Dendritic cells (DCs) are the sentinels of the immune system and are specialized in initiating adaptive immune responses by presenting foreign antigens to T cells. Thus, dendritic cells are critical regulators of immune responses and accordingly have been a focus of cancer immunotherapy research. DC therapy is considered as a promising approach in cancer immunotherapy. However, DC-based vaccines have shown limited efficacy in clinical trials. Oncolytic adenovirus replicates and lyses only cancer cells. Virus-mediated lysis of cancer cells also induces danger signals and exposes tumor epitopes that promote immune system activation against cancer. This study investigated the oncolytic adenovirus 3 coding for CD40 Ligand: Ad3-hTERT-CMV-CD40L (also known as TILT-234) as an enhancer of DC therapy.
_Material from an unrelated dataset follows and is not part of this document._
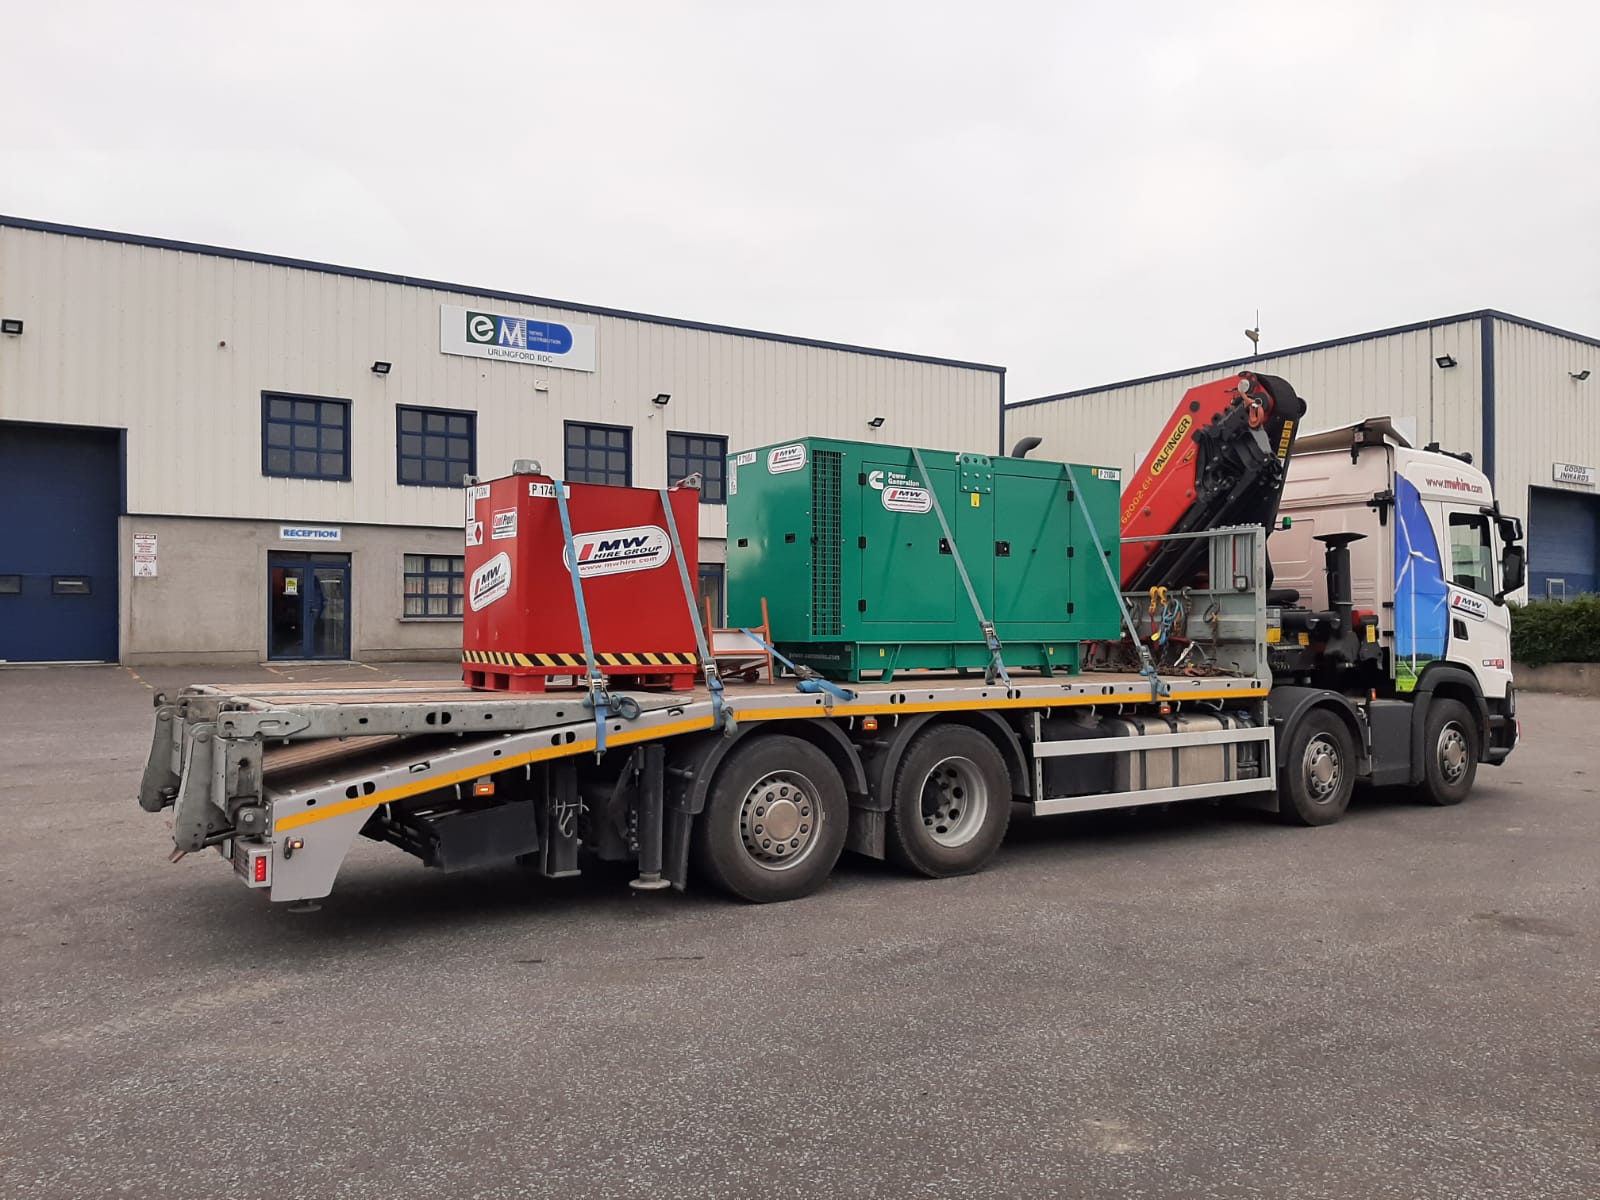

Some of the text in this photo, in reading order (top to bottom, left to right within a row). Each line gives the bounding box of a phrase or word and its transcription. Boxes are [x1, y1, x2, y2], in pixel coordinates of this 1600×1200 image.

In the first study, human cancer patient data suggested that intravenous adenovirus administration is able to transduce distant tumors and virally-produced CD40L can activate DCs in situ. Studies with mice suggested that the virus possesses potent antitumor activity. In the second study, treatment with Ad3-hTERT-CMV-CD40L and DCs showed 100% survival of humanized mice and resulted in greater antitumor efficacy than either approach as monotherapy. The third study focused on the treatment of prostate cancer. In this study, treatment with companion therapy (i.e. Ad3-hTERT-CMV-CD40L and DC therapy) was shown to induce greater antitumor immune responses in vivo and in established prostate cancer histocultures. In the fourth study, we focused on the interaction of a chimeric adenovirus Ad5/3 with human lymphocytes and erythrocytes. This study showed that the binding of Ad5/3 with human lymphocytes and erythrocytes occurs in a reversible manner, which enables the virus to transduce different tumors and to retain oncolytic potency both in vitro and in vivo, with or without neutralizing antibodies. In summary, the first three studies demonstrated the ability of Ad3-hTERT-CMV-CD40L to modulate the tumor microenvironment and that local delivery of CD40L is safe and efficient regarding DC therapy. In conclusion, Ad3-hTERT-CMV-CD40L was shown to be a potential enabler of DC therapy. The fourth study revealed the ability of a chimeric Ad5/3 adenovirus to transduce non-injected tumors through blood, even in the presence of neutralizing antibodies.